Each line of the data below that carries the word "ASSIST" needs to be copied.

——————————

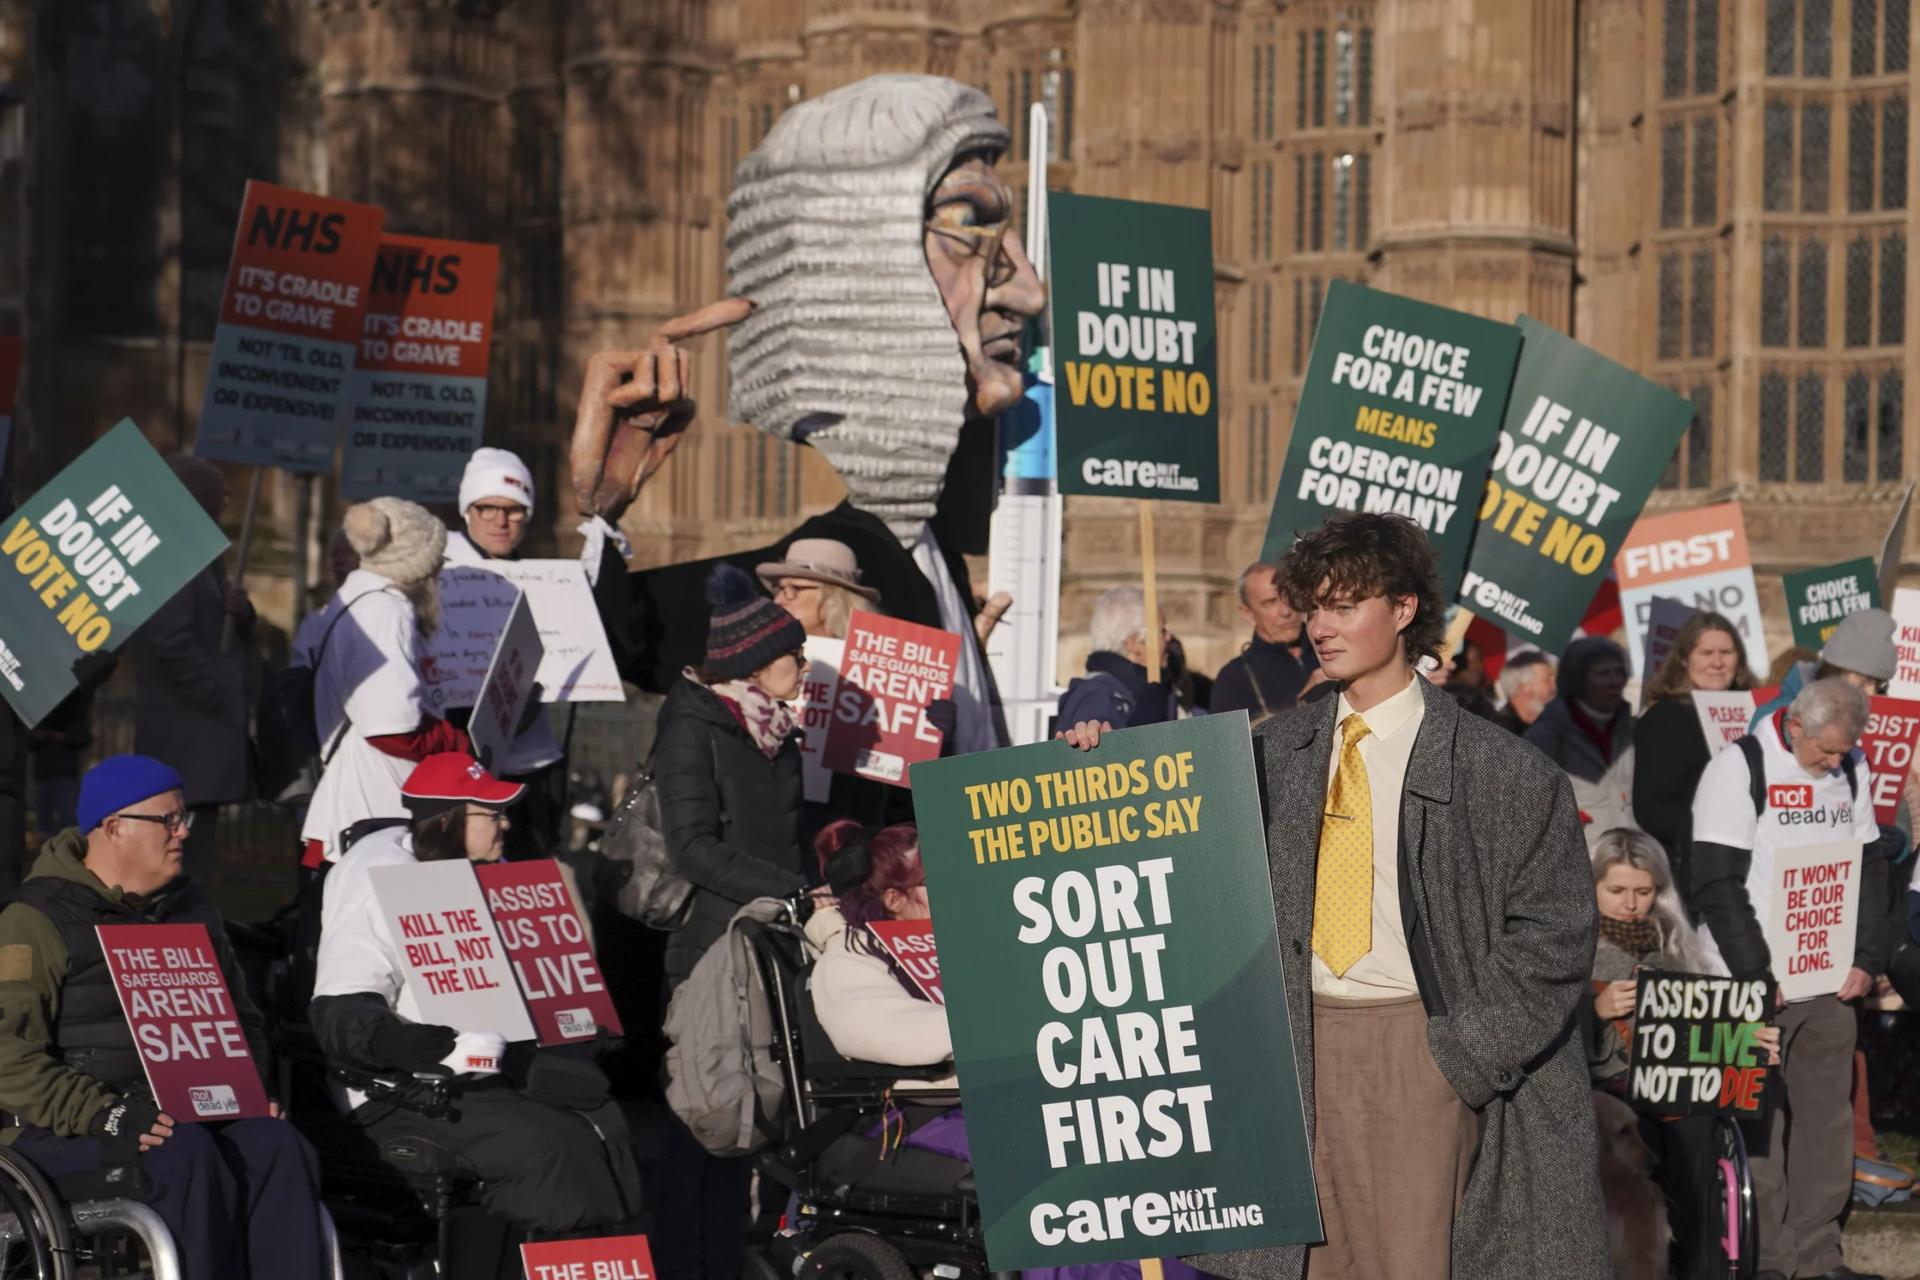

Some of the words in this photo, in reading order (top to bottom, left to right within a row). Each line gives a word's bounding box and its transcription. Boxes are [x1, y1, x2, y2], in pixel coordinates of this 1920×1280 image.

[247, 205, 346, 254] NHS
[238, 266, 275, 292] IT'S
[278, 273, 360, 307] CRADLE
[370, 254, 461, 295] NHS
[1097, 262, 1131, 308] IF
[1137, 266, 1176, 314] IN
[234, 293, 261, 317] TO
[266, 299, 335, 330] GRAVE
[402, 317, 483, 342] CRADLE
[238, 338, 272, 358] NOT
[362, 340, 387, 360] TO
[393, 343, 461, 366] GRAVE
[1078, 311, 1197, 365] DOUBT
[1363, 324, 1470, 380] CHOICE
[214, 388, 239, 406] OR
[218, 363, 341, 394] INCONVENIENT
[371, 382, 405, 398] NOT
[1065, 361, 1156, 411] VOTE
[1162, 369, 1211, 417] NO
[1332, 352, 1392, 396] FOR
[1393, 369, 1415, 402] A
[1419, 374, 1482, 418] FEW
[354, 407, 475, 428] INCONVENIENT
[1355, 405, 1438, 449] MEANS
[1521, 395, 1572, 444] IF
[1563, 417, 1620, 474] IN
[353, 432, 377, 449] OR
[1082, 457, 1158, 488] care
[1309, 436, 1463, 502] COERCION
[1298, 469, 1361, 512] FOR
[1363, 484, 1457, 534] MANY
[86, 484, 133, 526] IF
[110, 515, 161, 567] IN
[1477, 480, 1547, 546] OTE
[1540, 516, 1606, 576] NO
[39, 498, 141, 611] DOUBT
[1624, 529, 1735, 579] FIRST
[1, 517, 78, 609] VOTE
[57, 592, 111, 652] NO
[1694, 586, 1743, 612] NO
[1806, 575, 1859, 603] CHOICE
[1799, 602, 1830, 625] FOR
[1831, 600, 1841, 618] A
[1842, 591, 1871, 616] FEW
[849, 650, 949, 683] SAFEGUARDS
[854, 629, 898, 656] THE
[903, 642, 950, 669] BILL
[844, 665, 948, 704] ARENT
[835, 691, 940, 744] SAFE
[1708, 705, 1749, 722] PLEASE
[1872, 740, 1912, 768] TO
[965, 778, 1032, 822] TWO
[1035, 759, 1149, 809] THIRDS
[1154, 751, 1194, 791] OF
[1774, 787, 1807, 806] not
[968, 825, 1026, 865] THE
[1030, 809, 1140, 857] PUBLIC
[1146, 795, 1202, 839] SAY
[1778, 805, 1826, 825] dead
[1783, 868, 1798, 889] IT
[1802, 861, 1852, 886] WON'T
[487, 882, 566, 913] ASSIST
[1012, 856, 1174, 945] SORT
[1788, 889, 1808, 910] BE
[1812, 884, 1844, 906] OUR
[398, 912, 444, 938] KILL
[441, 909, 482, 933] THE
[496, 918, 541, 950] US
[540, 913, 583, 945] TO
[1786, 906, 1843, 931] CHOICE
[112, 948, 160, 970] THE
[161, 947, 214, 969] BILL
[405, 942, 457, 968] BILL,
[454, 937, 494, 961] NOT
[1798, 930, 1828, 952] FOR
[120, 971, 220, 988] SAFEGUARDS
[422, 969, 464, 995] THE
[463, 966, 500, 991] ILL.
[513, 953, 604, 1001] LIVE
[1041, 933, 1167, 1014] OUT
[1788, 951, 1834, 976] LONG.
[132, 987, 227, 1019] ARENT
[1639, 979, 1732, 1019] ASSIST
[1728, 980, 1767, 1022] US
[138, 1020, 248, 1063] SAFE
[1036, 1004, 1202, 1089] CARE
[1638, 1023, 1676, 1060] TO
[1689, 1022, 1766, 1067] LIVE
[192, 1090, 212, 1101] not
[198, 1100, 222, 1111] dead
[1633, 1065, 1688, 1103] NOT
[1689, 1066, 1722, 1103] TO
[1719, 1066, 1767, 1111] DIE
[1041, 1084, 1213, 1169] FIRST
[1030, 1191, 1171, 1247] care
[1169, 1187, 1217, 1212] NOT
[1172, 1204, 1264, 1234] KILLING
[534, 1263, 586, 1280] THE
[593, 1258, 649, 1280] BILL
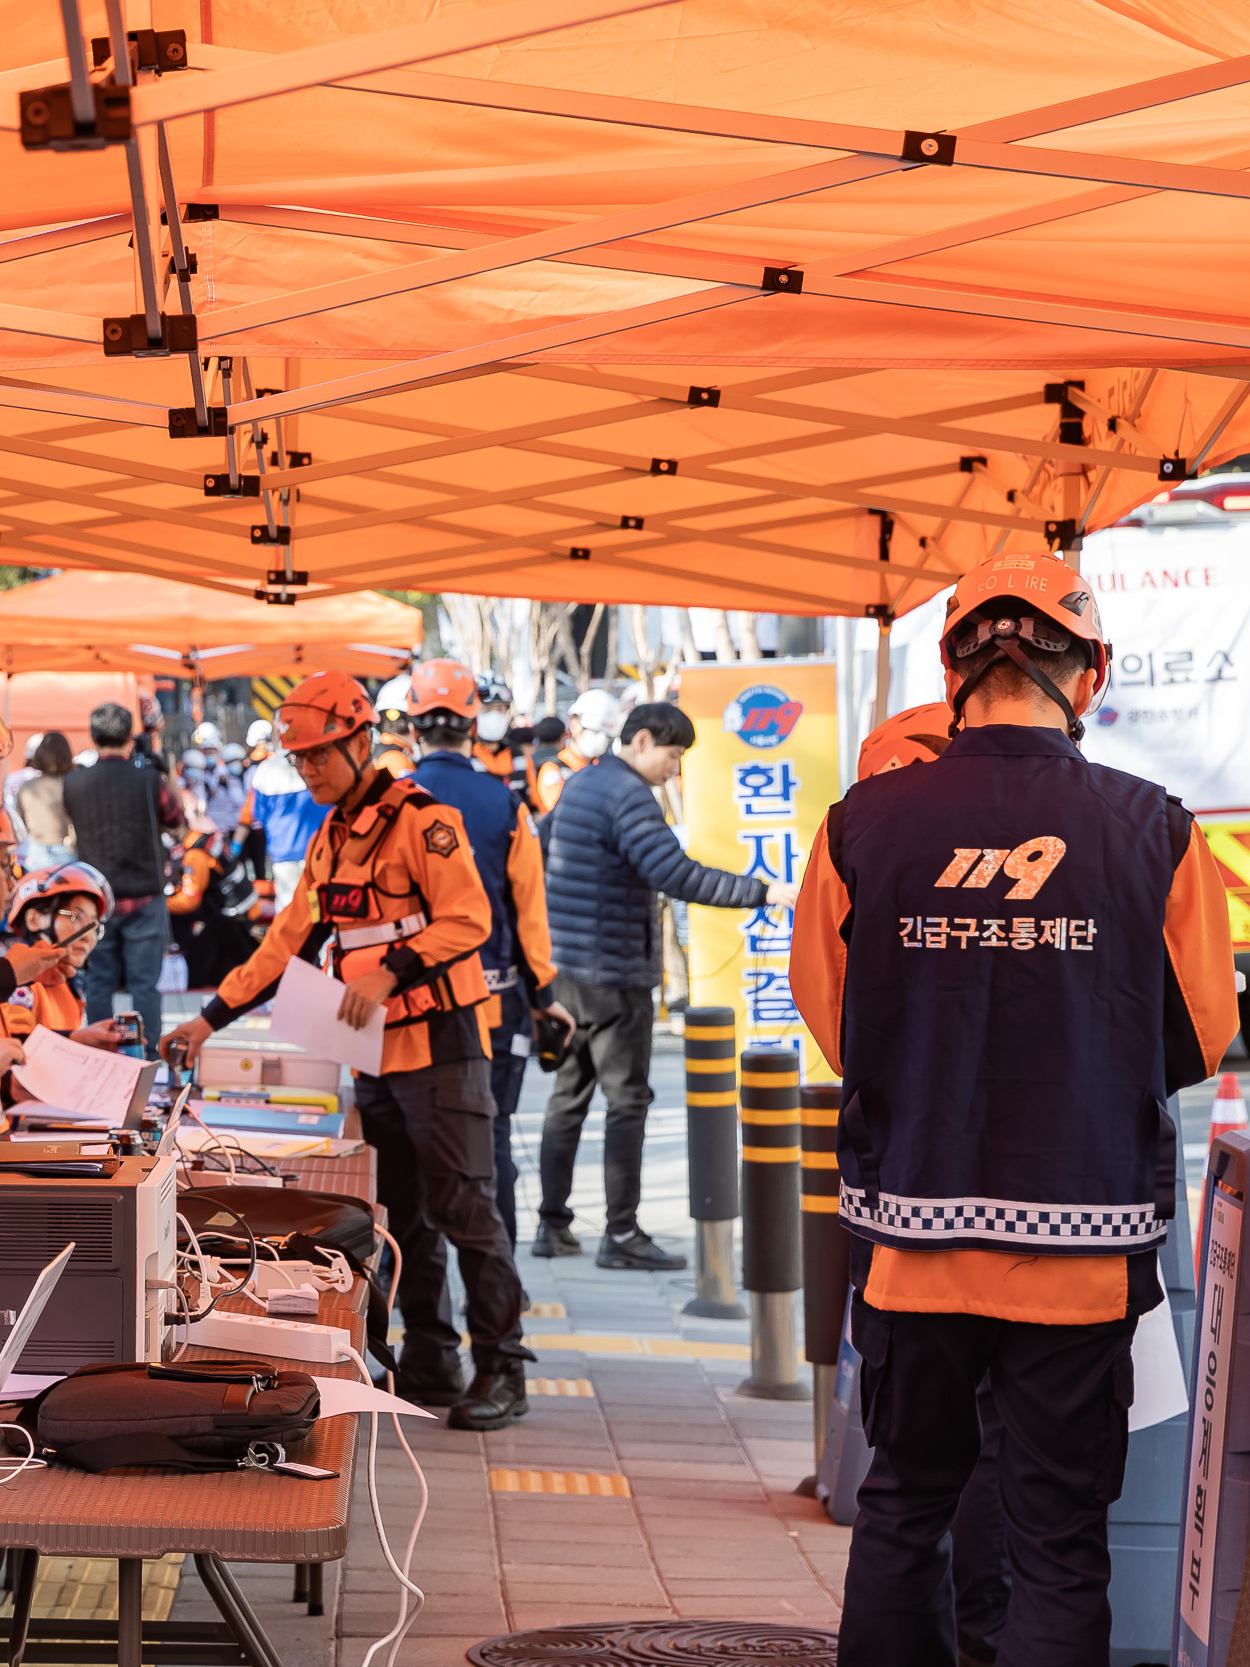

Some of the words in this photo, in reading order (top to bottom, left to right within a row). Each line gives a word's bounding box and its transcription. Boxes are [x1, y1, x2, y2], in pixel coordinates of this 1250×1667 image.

[1108, 650, 1237, 689] 의료소
[741, 701, 803, 736] 119
[934, 836, 1067, 900] 119
[331, 887, 364, 914] 119
[899, 915, 1098, 951] 긴급구조통제단
[1188, 1283, 1226, 1612] 대응계획부

——————————

# Task result
[487, 882, 566, 913] ASSIST
[1639, 979, 1732, 1019] ASSIST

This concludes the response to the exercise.